On fine differentiability properties of horizons and applications to Riemannian geometry

TL;DR

This paper investigates the detailed differentiability properties of horizons in Lorentzian geometry and applies these findings to enhance understanding of distance functions and cut loci in Riemannian geometry.

Contribution

It establishes measure-zero properties of horizon endpoints and characterizes the structure of convex hulls of generators using advanced geometric analysis.

Findings

Set of horizon endpoints has vanishing Hausdorff measure.

Convex hulls of generators are almost C^2 manifolds of specific dimensions.

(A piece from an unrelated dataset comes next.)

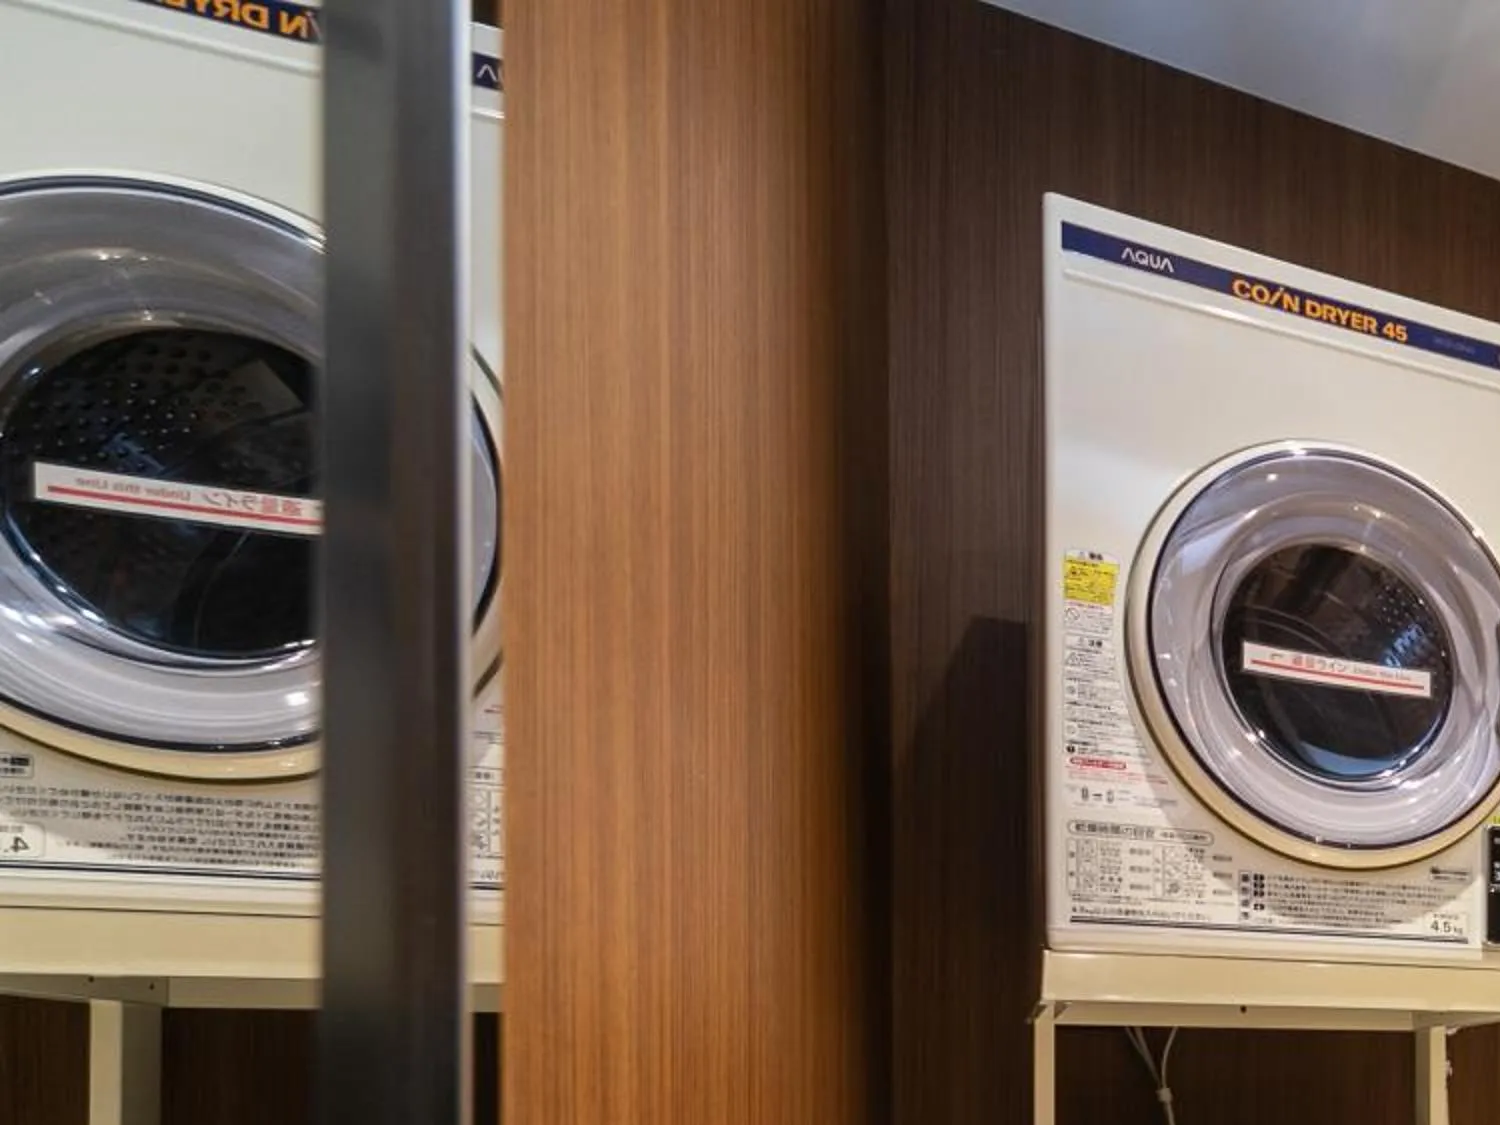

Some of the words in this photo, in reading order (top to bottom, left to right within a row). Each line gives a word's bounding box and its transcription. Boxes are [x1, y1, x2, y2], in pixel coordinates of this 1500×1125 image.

[1121, 246, 1175, 274] AQUA
[1305, 299, 1378, 335] DRYER
[1382, 317, 1408, 342] 45

Results provide new insights into the structure of distance functions and cut loci.

Abstract

We study fine differentiability properties of horizons. We show that the set of end points of generators of a n-dimensional horizon H (which is included in a (n+1)-dimensional space-time M) has vanishing n-dimensional Hausdorff measure. This is proved by showing that the set of end points of generators at which the horizon is differentiable has the same property. For 1\le k\le n+1 we show (using deep results of Alberti) that the set of points where the convex hull of the set of generators leaving the horizon has dimension k is ``almost a C^2 manifold of dimension n+1-k'': it can be covered, up to a set of vanishing (n+1-k)-dimensional Hausdorff measure, by a countable number of C^2 manifolds. We use our Lorentzian geometry results to derive information about the fine differentiability properties of the distance function and the structure of cut loci in Riemannian geometry.